All varieties of lavenders prefer soil with an acidity between 6.5 to 8. It is a range that goes from mildly acidic to slightly alkaline.
So perennial lavender will only last for a few weeks in the case of soil that is too acidic. The majority of garden soils are around pH 7 to 8 (which can be slightly acidic, but not quite the pH of neutral).
If plants like the azaleas, rhododendrons blueberry plants, and roses thrive in your garden, but however, the lavenders are dying in the first year, like an annual be, it could mean that your soil isn’t acidic to sustain lavenders.
But you can still plant lavender in containers, pots and raised beds if you can alter the soil’s profile by adding 1 tablespoon of garden lime , or half one cup of wood ash into the soil to increase the pH to ensure it’s alkaline.
It is also possible to measure the pH of your soil using soil gauges, which can be used without or specialist knowledge. They are also can be purchased at a low cost on Amazon.
(Read my article to learn more about the measurement of the pH of soil and cultivating lavenders in soil that is acidic).
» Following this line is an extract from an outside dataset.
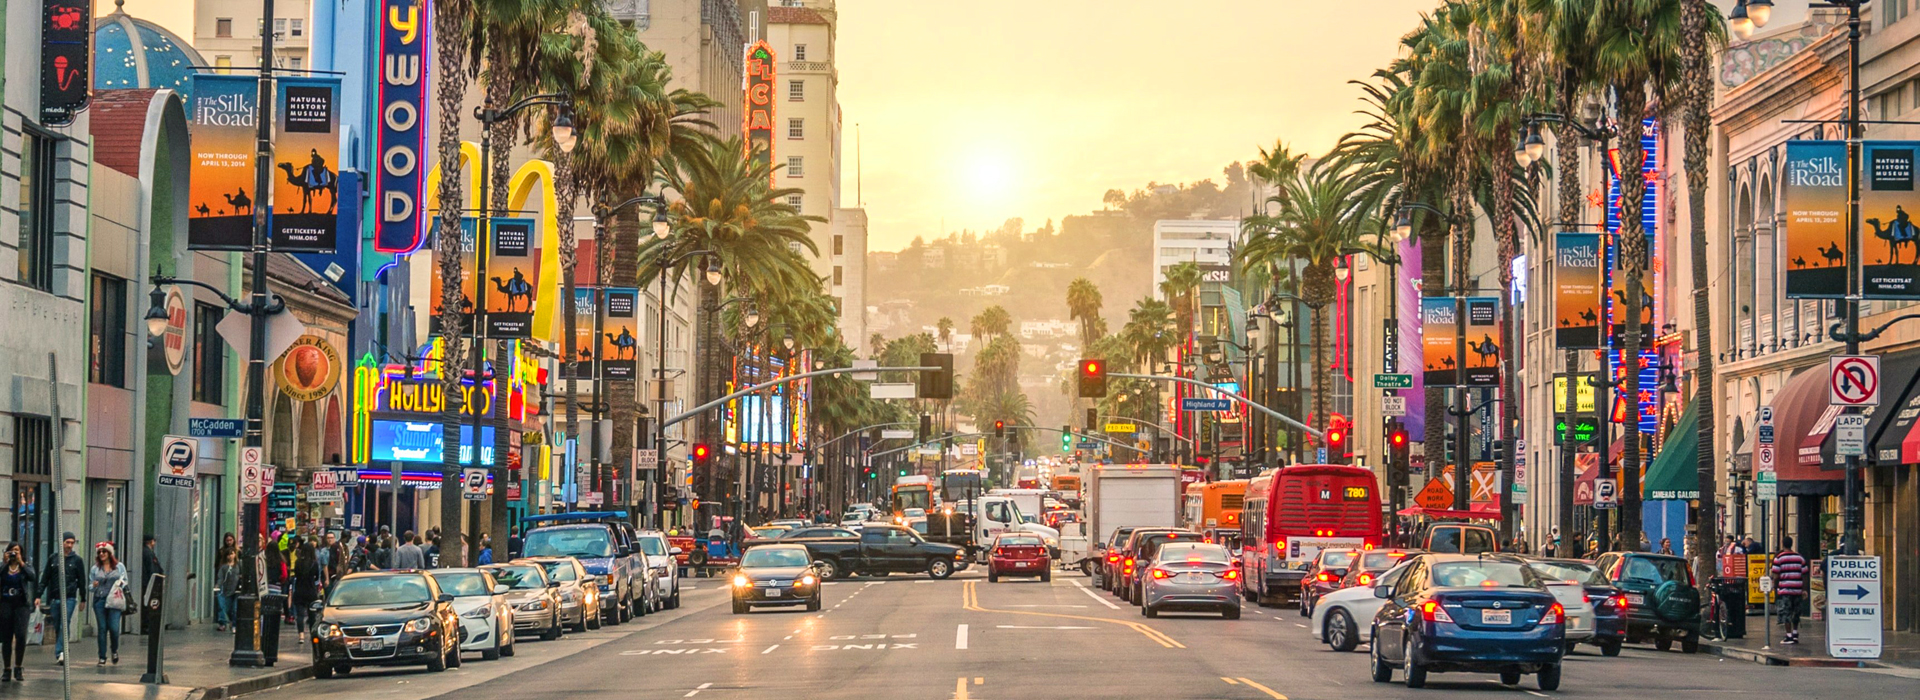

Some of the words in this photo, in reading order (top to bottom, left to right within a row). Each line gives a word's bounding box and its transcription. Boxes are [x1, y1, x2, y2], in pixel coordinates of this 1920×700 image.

- Lavender “Provence” ( Lavandula x intermedia) is an annual plant that can last as long as 15 years if the right conditions.
- Add sand or grit to improve drainage, to avoid root rot and improve the soil’s structure.,
- Every year, you can trim ‘Provence’ in the fall to get the lavender ready for winter.
- The lavender plant should be planted in the full sunlight It is recommended to water only occasionally even in hot weather.
- The lavenders aren’t able to last long in soils that are acidic (‘Provence prefers soils with 6.5-8 pH). 6.5-8). Plant ‘Provence ‘ in pots if have soil that is acidic and amend it with wood ash or horticultural lime (both that are acidic) If needed.